▸ Available data
---+---

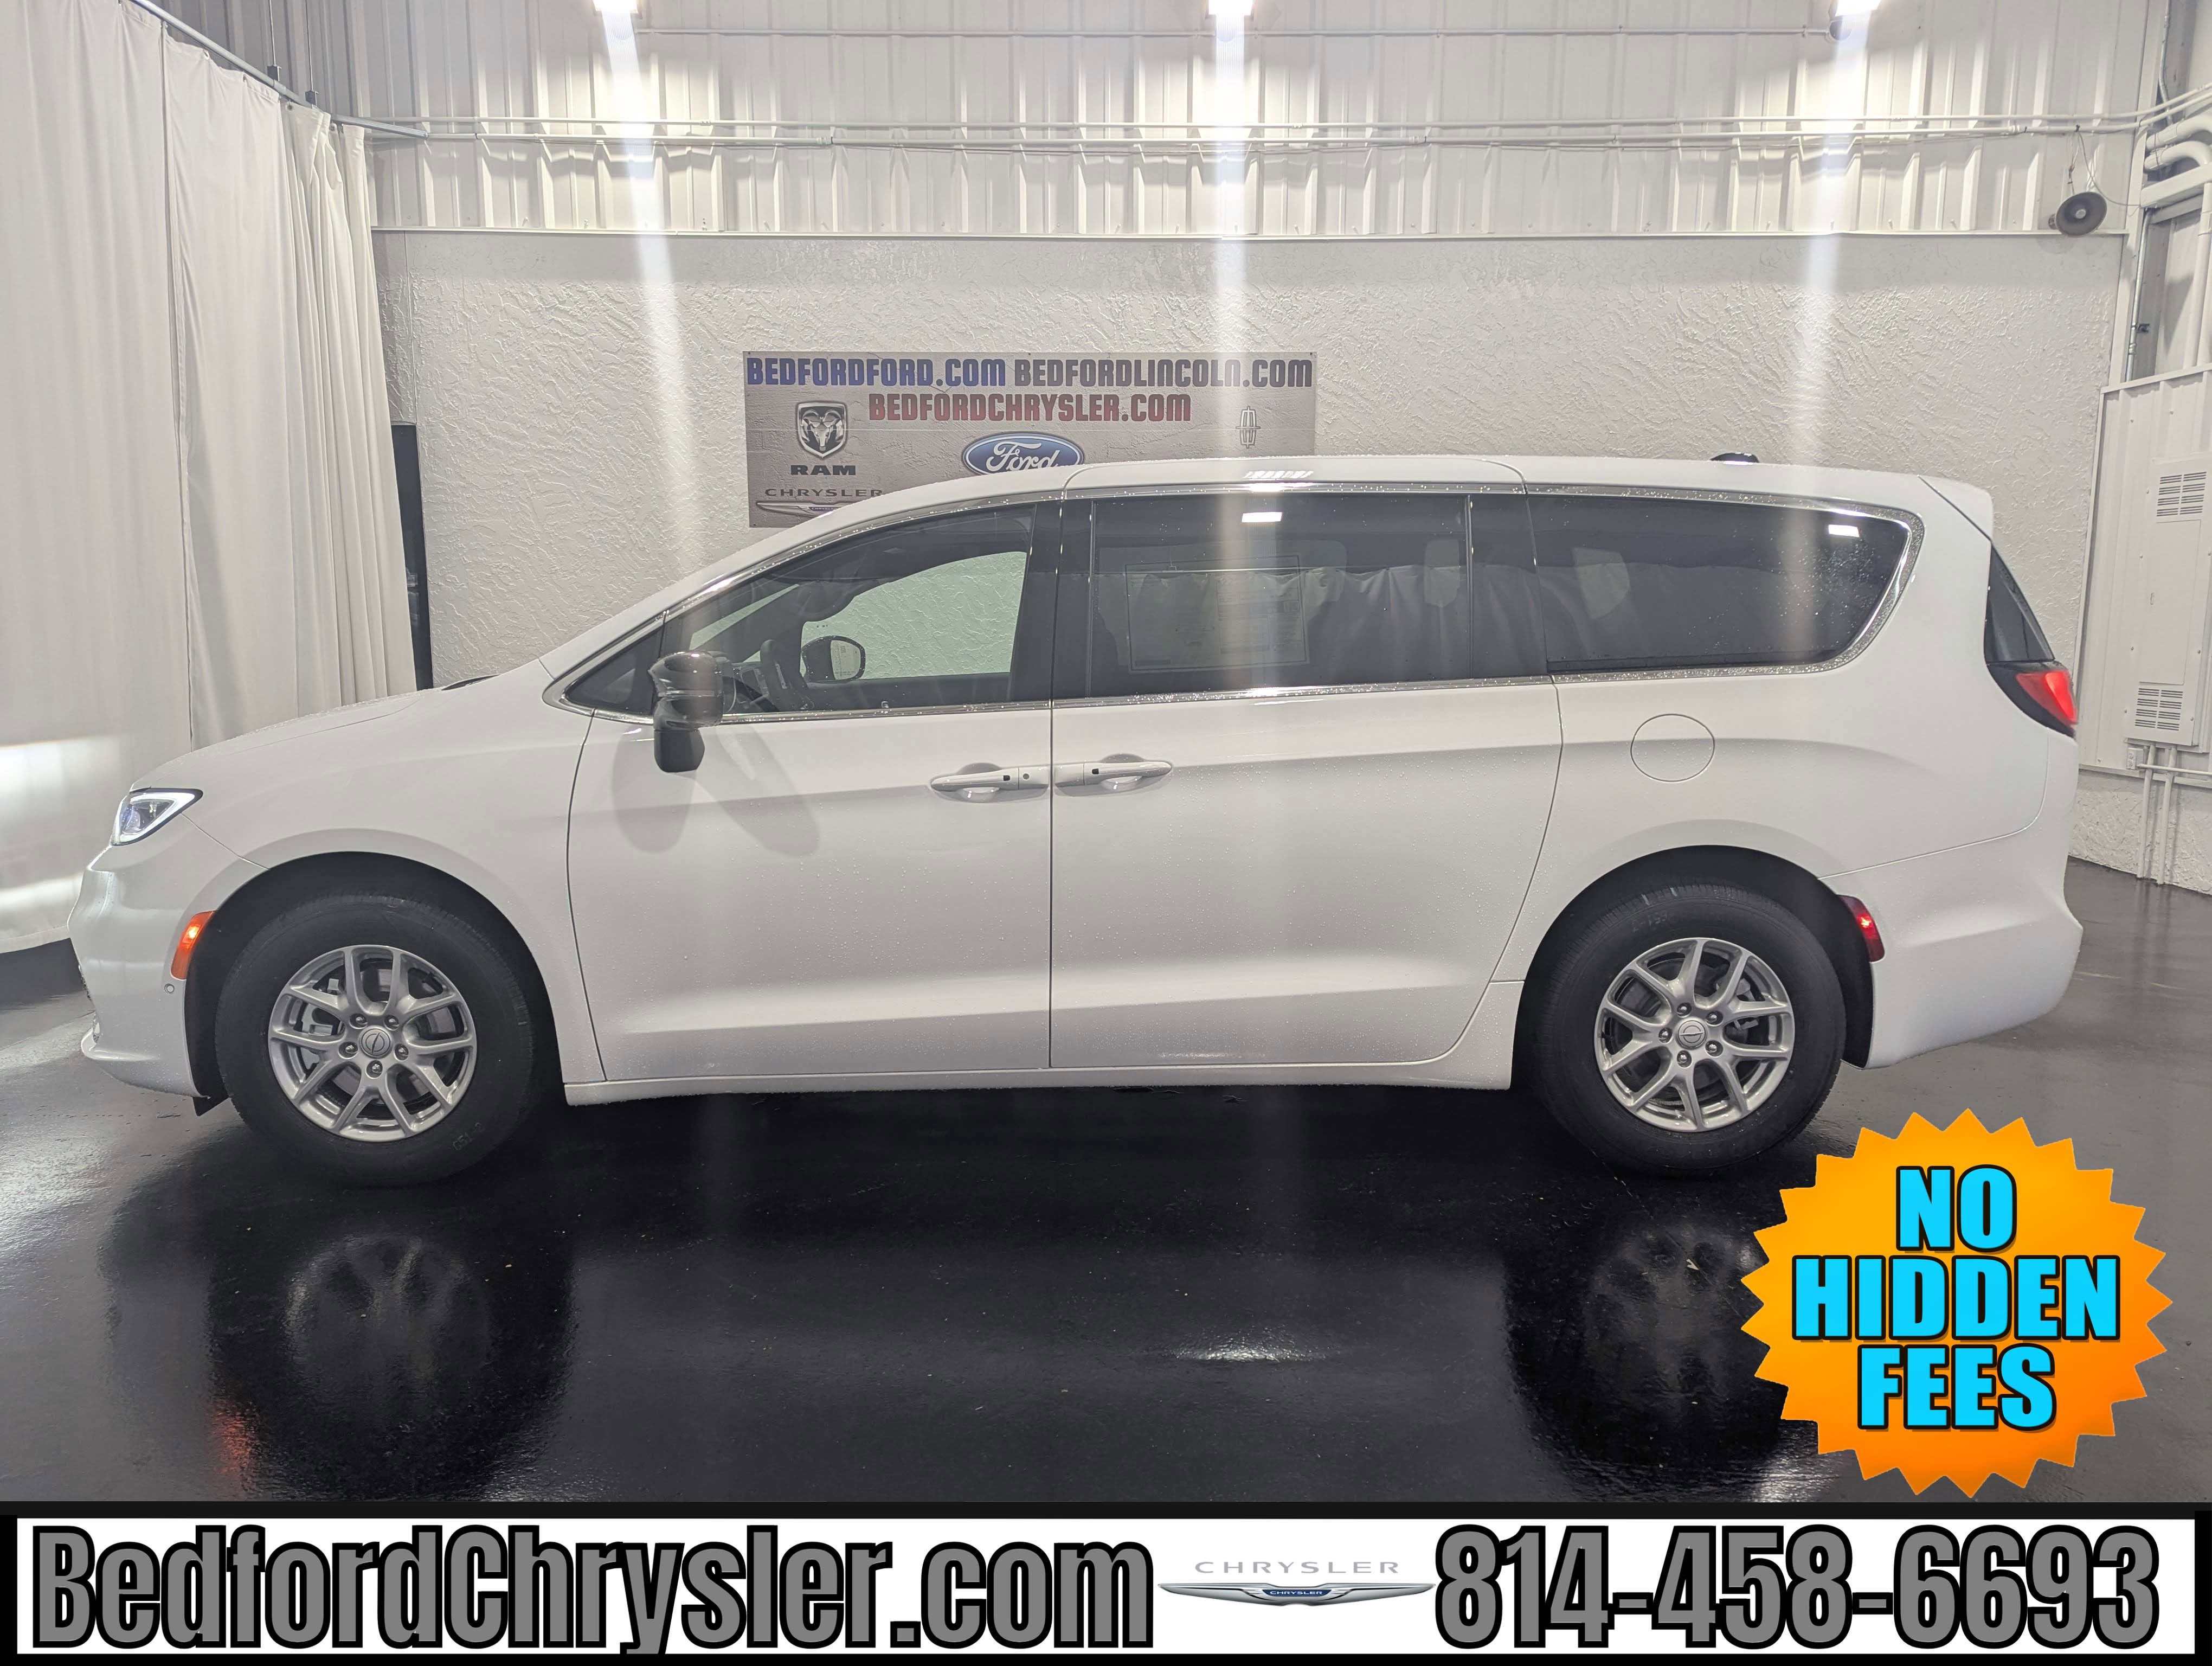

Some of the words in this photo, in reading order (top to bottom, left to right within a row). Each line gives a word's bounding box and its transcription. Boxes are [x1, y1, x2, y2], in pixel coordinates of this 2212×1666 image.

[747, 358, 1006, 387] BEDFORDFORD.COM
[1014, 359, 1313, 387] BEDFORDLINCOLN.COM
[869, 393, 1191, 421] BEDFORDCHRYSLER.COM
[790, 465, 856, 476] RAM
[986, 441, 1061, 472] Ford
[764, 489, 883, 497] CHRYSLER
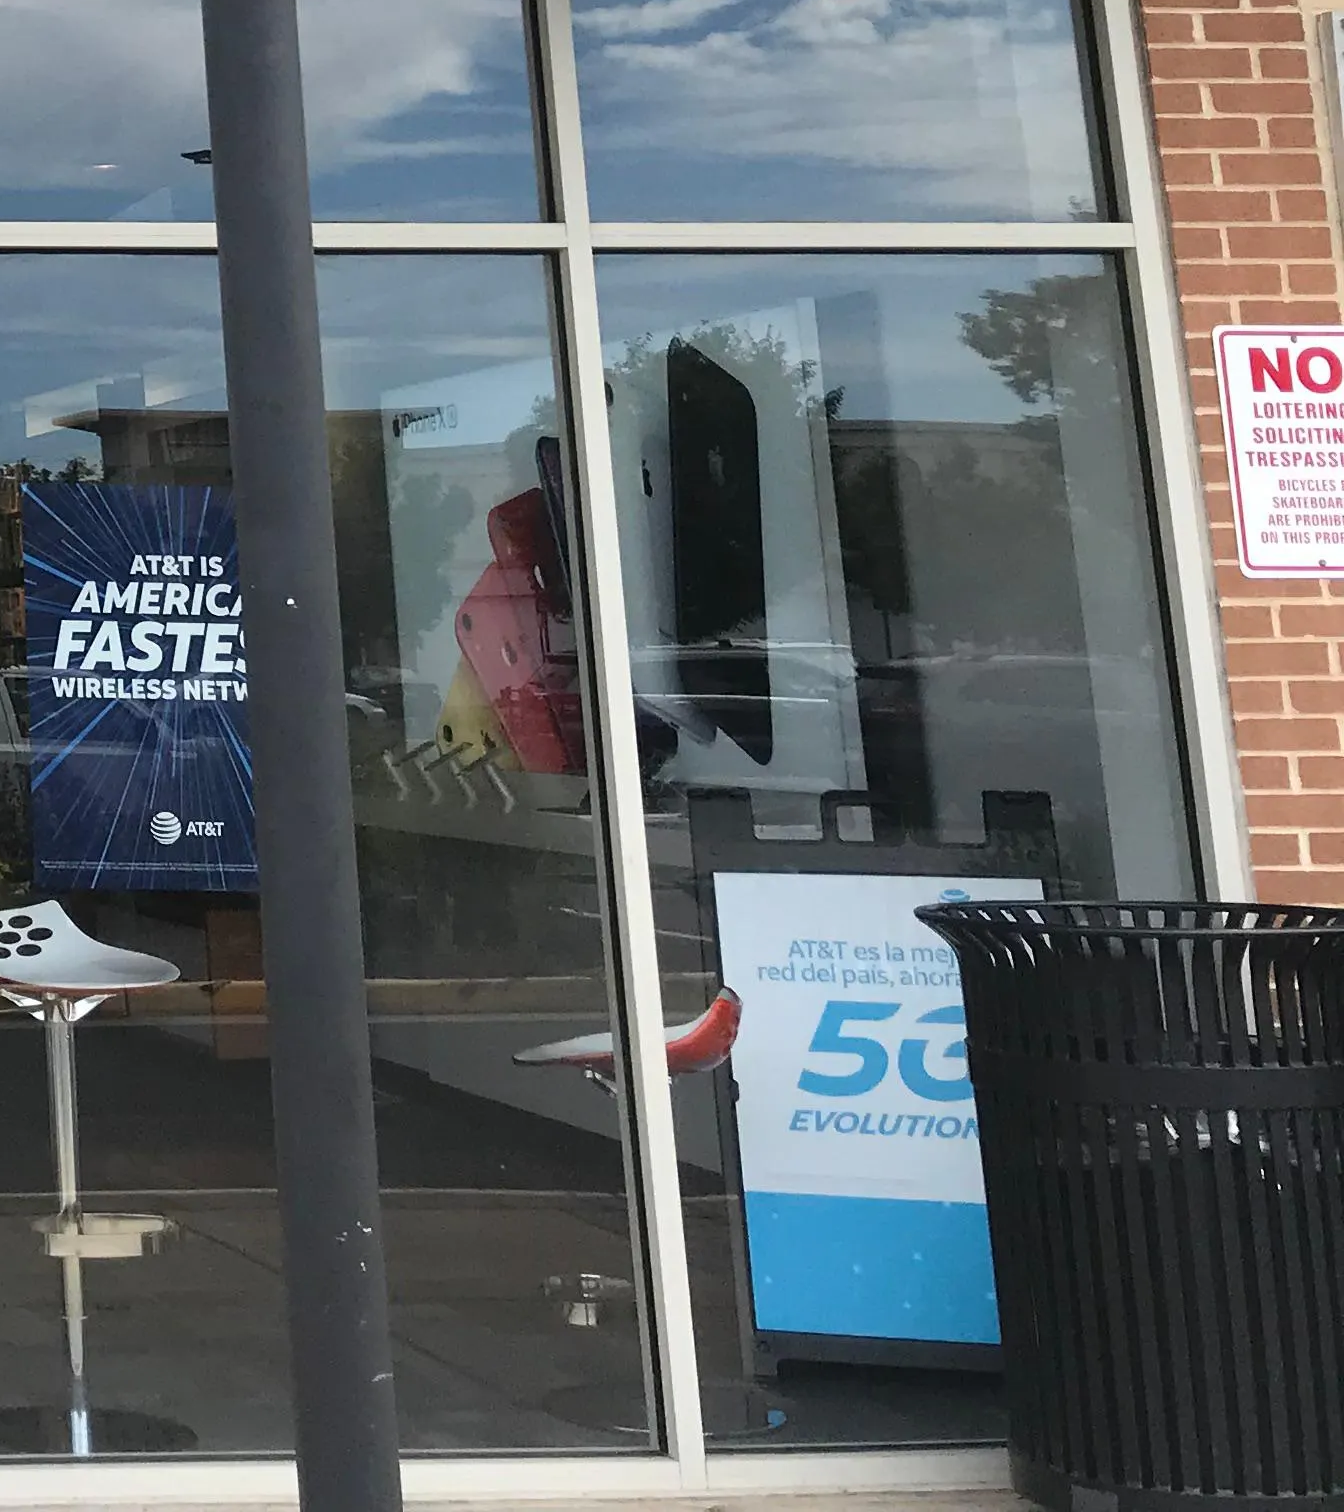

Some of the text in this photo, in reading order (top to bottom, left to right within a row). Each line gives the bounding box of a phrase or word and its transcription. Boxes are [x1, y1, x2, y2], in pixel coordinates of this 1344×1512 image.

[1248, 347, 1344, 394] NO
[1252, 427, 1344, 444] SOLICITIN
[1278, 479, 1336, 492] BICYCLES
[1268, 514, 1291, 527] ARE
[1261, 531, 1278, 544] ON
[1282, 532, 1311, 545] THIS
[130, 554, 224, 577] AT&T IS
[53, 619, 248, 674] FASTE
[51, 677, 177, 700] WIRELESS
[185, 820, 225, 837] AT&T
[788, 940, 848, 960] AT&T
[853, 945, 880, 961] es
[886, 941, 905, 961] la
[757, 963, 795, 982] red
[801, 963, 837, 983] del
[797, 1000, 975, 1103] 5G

---+---

▸ What the task asks
Copy out exactly the lines from the one containing "Some of the text" through the last line above, keeping both end lines.

▸ Result of this exercise
Some of the text in this photo, in reading order (top to bottom, left to right within a row). Each line gives the bounding box of a phrase or word and its transcription. Boxes are [x1, y1, x2, y2], in pixel coordinates of this 1344×1512 image.

[1248, 347, 1344, 394] NO
[1252, 427, 1344, 444] SOLICITIN
[1278, 479, 1336, 492] BICYCLES
[1268, 514, 1291, 527] ARE
[1261, 531, 1278, 544] ON
[1282, 532, 1311, 545] THIS
[130, 554, 224, 577] AT&T IS
[53, 619, 248, 674] FASTE
[51, 677, 177, 700] WIRELESS
[185, 820, 225, 837] AT&T
[788, 940, 848, 960] AT&T
[853, 945, 880, 961] es
[886, 941, 905, 961] la
[757, 963, 795, 982] red
[801, 963, 837, 983] del
[797, 1000, 975, 1103] 5G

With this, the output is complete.